Kirill Gashichev

Personal information
- Full name: Kirill Mikhailovich Gashichev
- Date of birth: 20 March 1980 (age 45)
- Place of birth: Leningrad, Russian SFSR
- Height: 1.95 m (6 ft 5 in)
- Position: Goalkeeper

Youth career
- FC Izhorets Kolpino

Senior career*
- Years: Team / Apps / (Gls)
- 1997: FC Izhorets Kolpino
- 1998: FC Lokomotiv-d St. Petersburg (amateur)
- 1999–2000: FC Ladoga Kirovsk
- 2000: FC Petro St. Petersburg
- 2001: FC Ladoga Vsevolozhsk
- 2002: FC Petrotrest St.
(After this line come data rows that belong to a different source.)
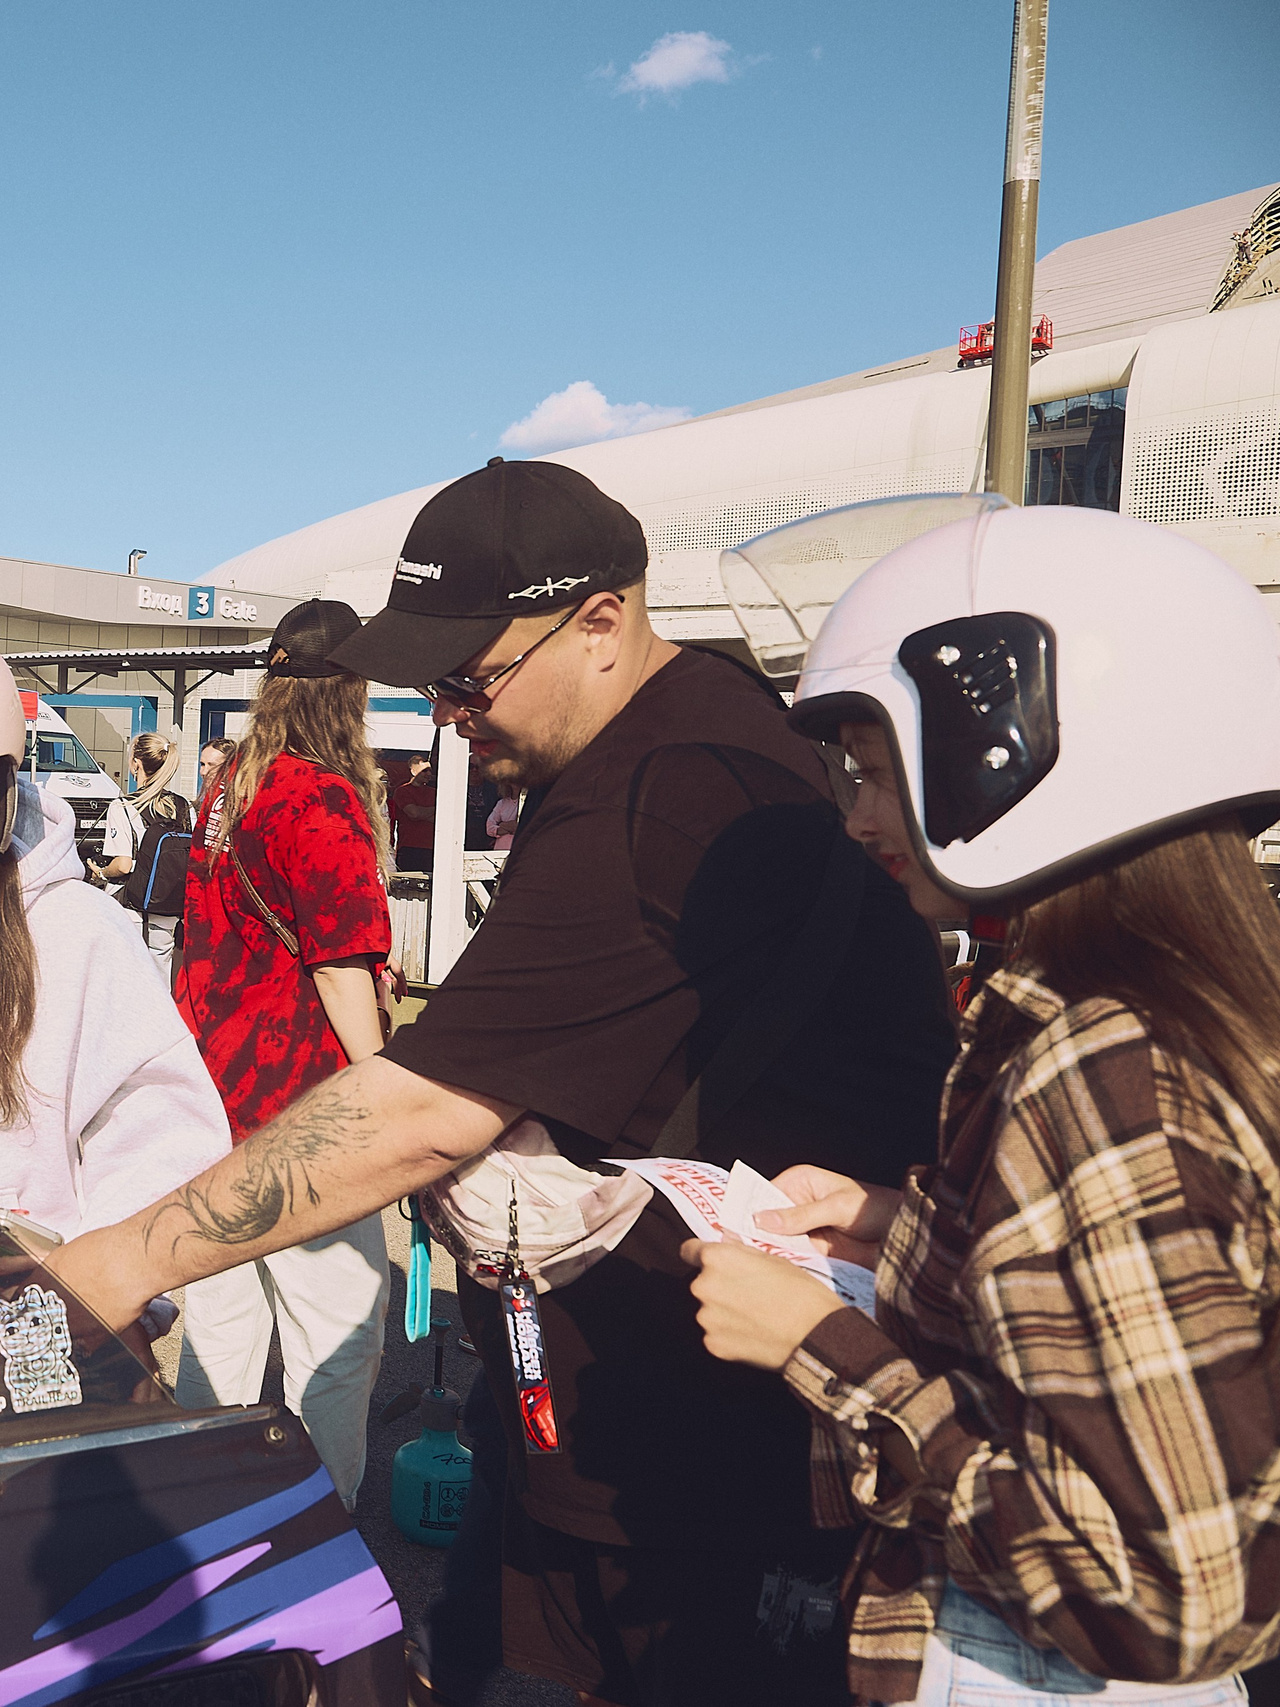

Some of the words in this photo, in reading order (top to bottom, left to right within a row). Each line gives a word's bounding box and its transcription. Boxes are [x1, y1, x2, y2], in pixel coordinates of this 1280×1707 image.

[138, 585, 183, 617] Вход
[195, 592, 210, 615] 3
[220, 596, 258, 622] Gate
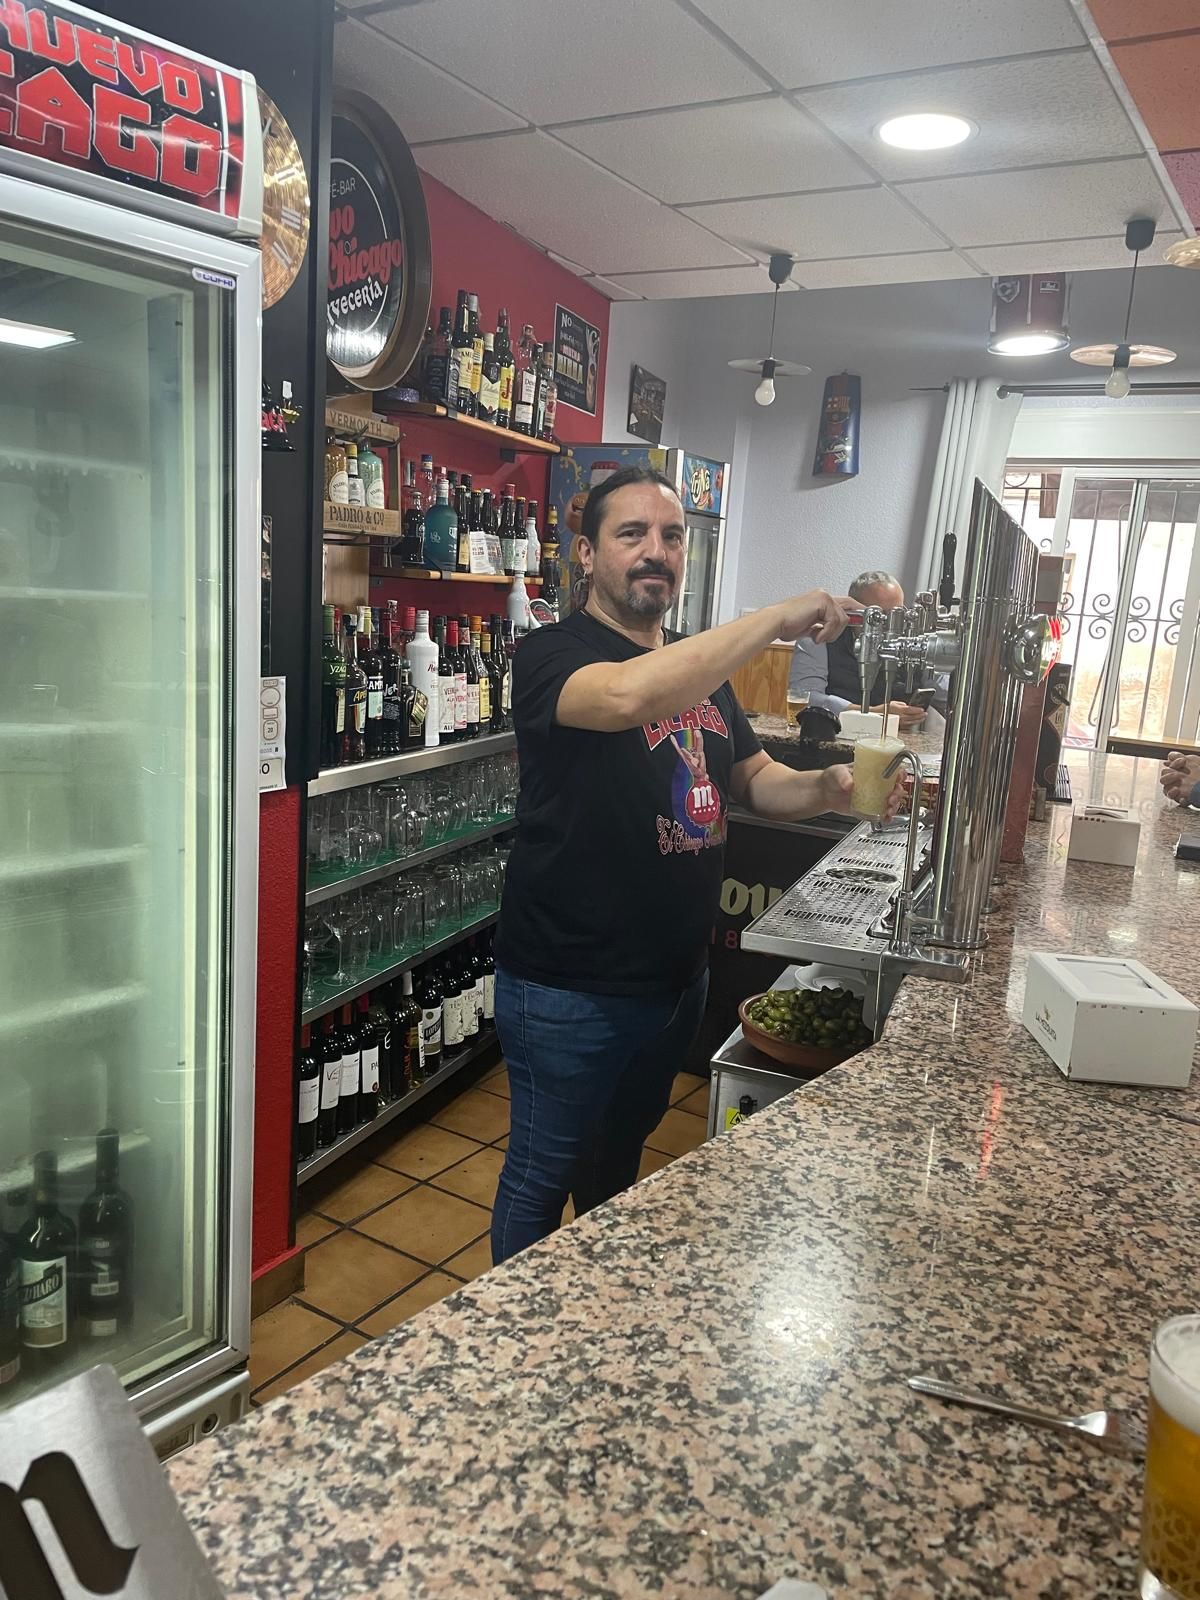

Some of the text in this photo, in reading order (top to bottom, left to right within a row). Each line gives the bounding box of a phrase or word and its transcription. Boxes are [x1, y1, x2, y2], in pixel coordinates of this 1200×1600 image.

[0, 51, 223, 198] AGO
[330, 411, 382, 436] VERMOUTH
[365, 510, 373, 524] &
Petersburg (amateur)
- 2002: FC Petro St. Petersburg
- 2003: FC Pikalyovo / 11 / (0)
- 2004: FC Izhorets Kolpino
- 2004–2005: FC Metallurg Pikalyovo (amateur)
- 2006: FC Izhorets Kolpino
- 2006–2007: FC Sever Murmansk (amateur)
- 2007: FC Kolpino-INKON Kolpino
- 2008: FC Yevrostroy Vsevolozhsk
- 2008: FC Ruan-Neva St. Petersburg
- 2008: FC Karelia Petrozavodsk (amateur)
- 2008: FC Ruan-Neva Kirovsk
- 2009–2010: FC Ruan-Tosno Tosno (amateur)
- 2011–2012: FC Ruan St. Petersburg

Managerial career
- 2013: FC Tosno (assistant)
- 2013–2014: FC Tosno (caretaker)
- 2014: FC Tosno (assistant)
- 2014: FC Tosno (caretaker)
- 2014–2018: FC Tosno (assistant)
- 2015: FC Tosno (caretaker)
- 2022–2024: PFC Sochi (reserves)
- 2025: FC Sochi-2

= Kirill Gashichev =

Russian footballer and manager

Kirill Mikhailovich Gashichev (Кирилл Михайлович Гашичев; born 20 March 1980) is a Russian football manager and a former player.

==Playing career==
As a player, he only played one season on the professional level in 2003 in the Russian Second Division with FC Pikalyovo.

==Coaching career==
On 31 May 2024, Gashichev managed PFC Sochi in the second leg of Russian Premier League promotion play-offs as Sochi won 3–1 against FC Pari Nizhny Novgorod after losing the first leg at home with the score 1–2, getting Sochi the promotion to the top tier. Sochi's manager Robert Moreno did not arrive to the second-leg game "for family reasons", according to the club, leading to the speculation that Moreno has been fired.